Copyright Jackson M. Tsuji, Neufeld Research Group, 2020
Github repo DOI ISME J publication DOI biorxiv preprint DOI

This Github repository describes the steps/code used to perform bioinformatics analysis for the paper by Tsuji and colleagues, "Anoxygenic photosynthesis and iron–sulfur metabolic potential of Chlorobia populations from seasonally anoxic Boreal Shield lakes" (2020; ISME J article available here or 2019 biorxiv pre-print, titled "Genomic potential for photoferrotrophy in a seasonally anoxic Boreal Shield lake", available here). Descriptor files in this repo are in the Markdown (.md) format and begin with README. Other files include scripts and raw data files.

The information is organized as follows:

Data_analysis_pipeline

Describes the protocol used to produce assembled contigs and genome bins from the raw metagenomic datasets used for this paper.

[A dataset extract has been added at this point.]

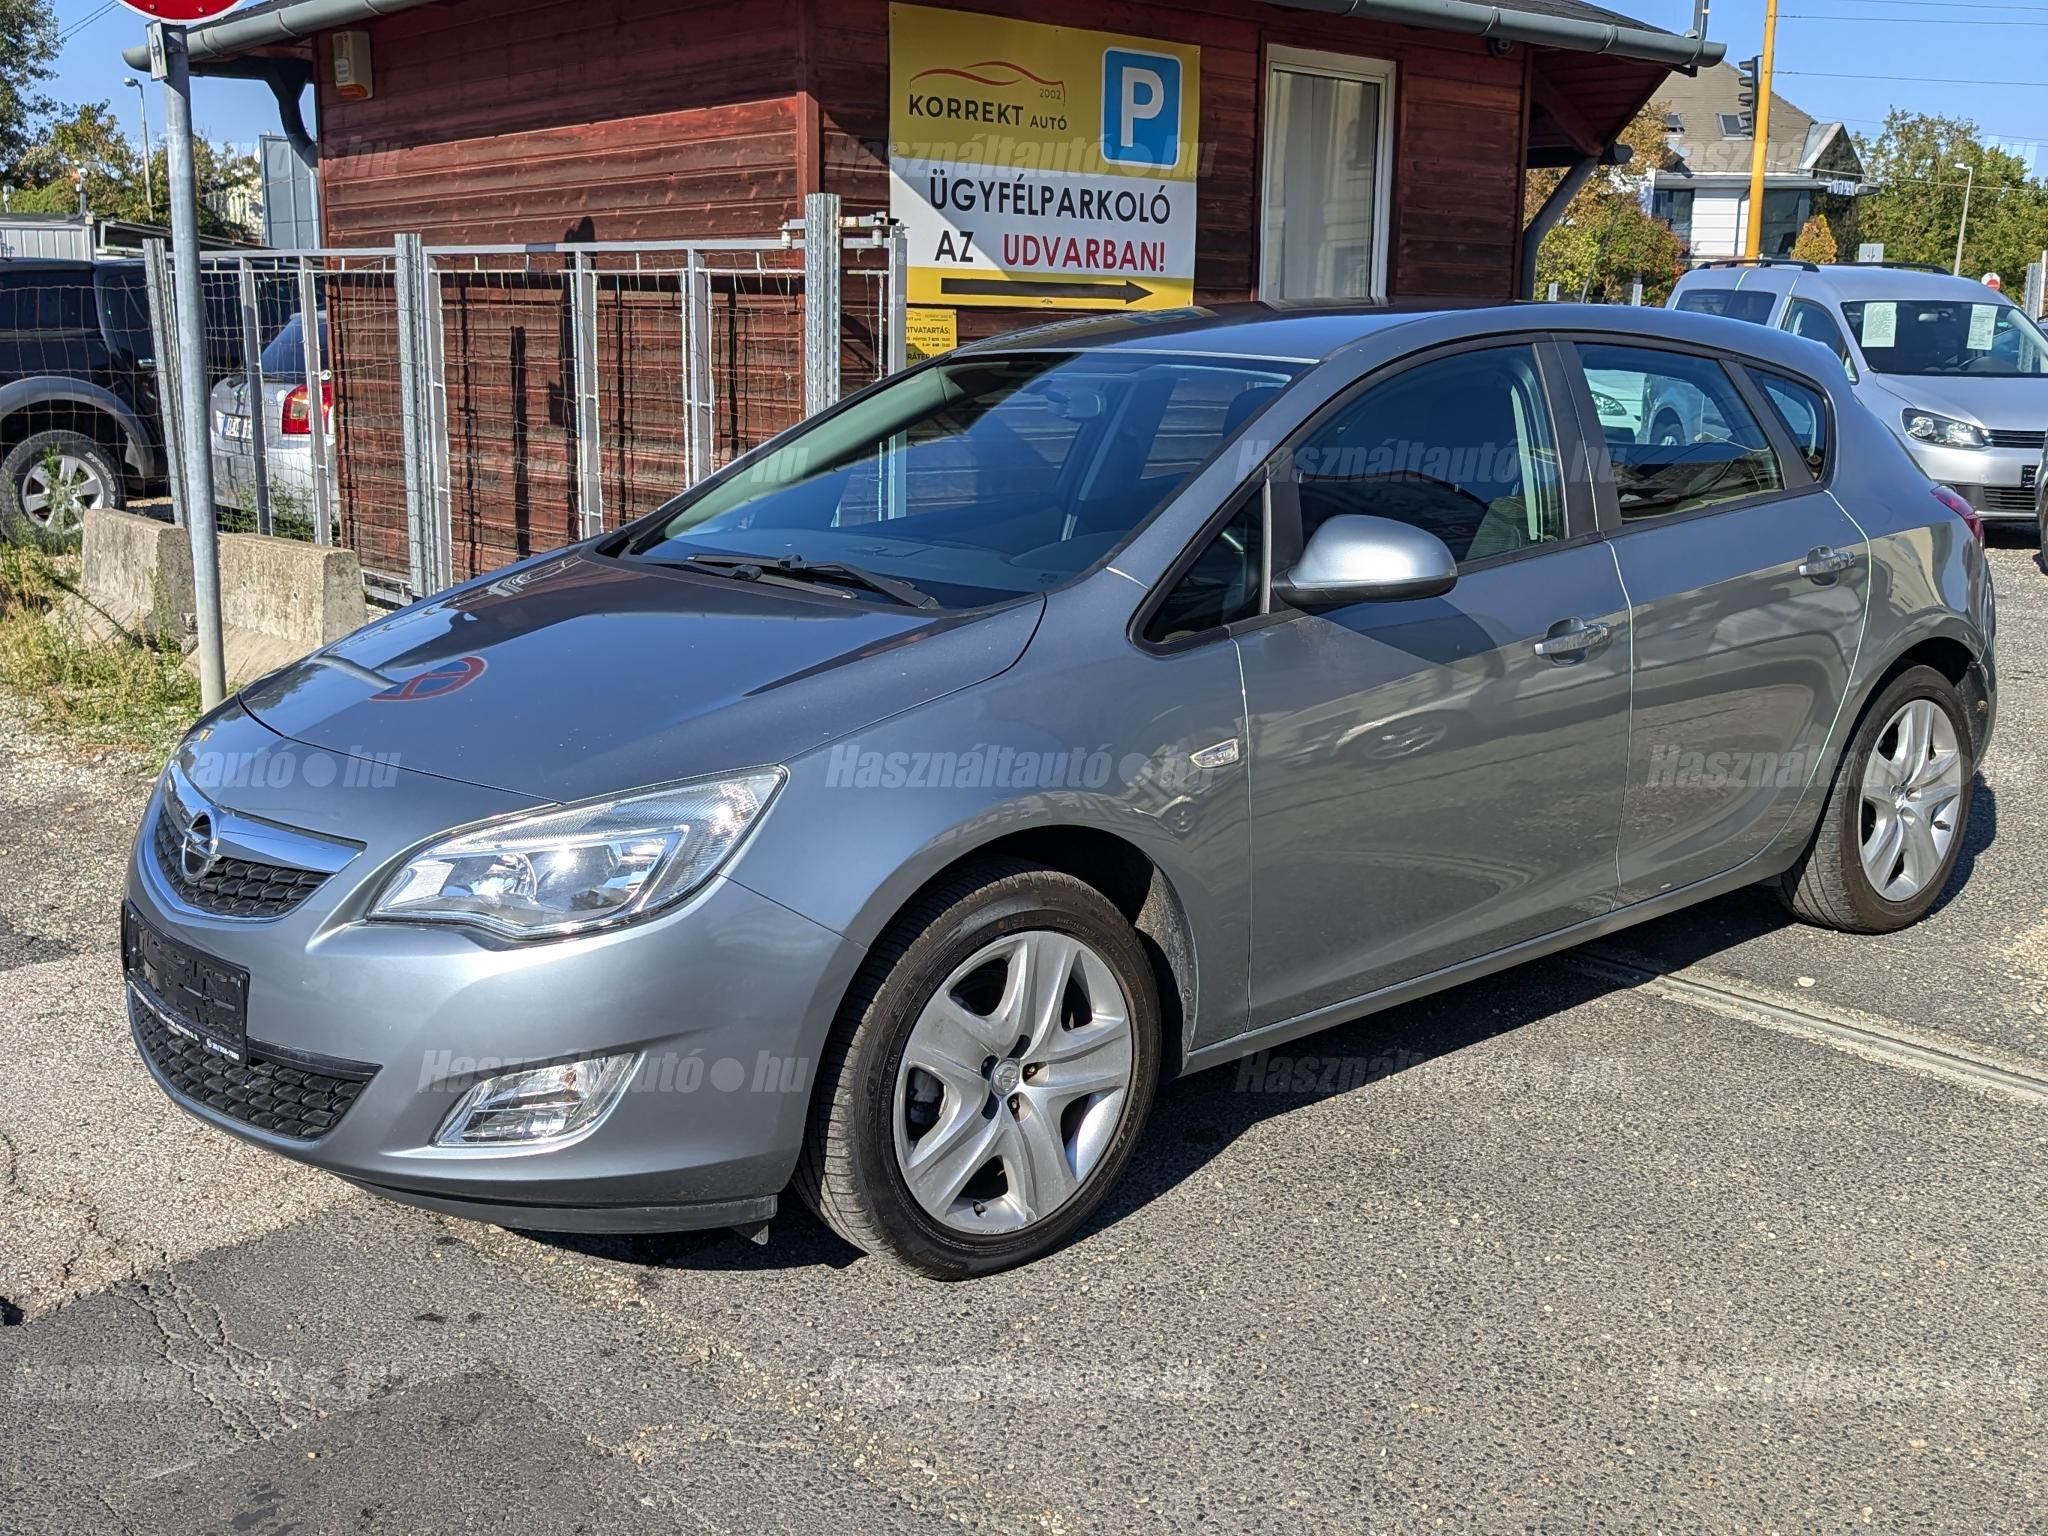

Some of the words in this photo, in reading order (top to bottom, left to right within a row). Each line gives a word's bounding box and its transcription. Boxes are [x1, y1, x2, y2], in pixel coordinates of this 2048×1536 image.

Includes (some highlights):

  • 01_data_acquisition - contains instructions for how to download the online sequencing data associated with this paper, including raw read data and genome bins
  • 04_HMM_development/02_alignment - contains an alignment of primary sequences of the Chlorobia-associated cyc2 genes identified in this study, plus reference cyc2 sequences
  • 04_HMM_development/03_HMMs - contains the custom HMMs developed in this study
  • 05_bin_analysis/03_metannotate/genome_bins - contains primary sequences of non-Chlorobia cyc2 genes detected in the lake metagenomes

Tables and figures

A unique folder exists for most main or supplementary tables/figures in the publication, e.g., Figure_01_cyc2_genes. These describe the steps required to analyze the data for the figure and to generate a raw version of the figure for downstream editing.

Other

Some supplementary material did not warrant having its own folder, so it is grouped in the Other folder in the same way that it would appear in the Supplementary Information on the journal website.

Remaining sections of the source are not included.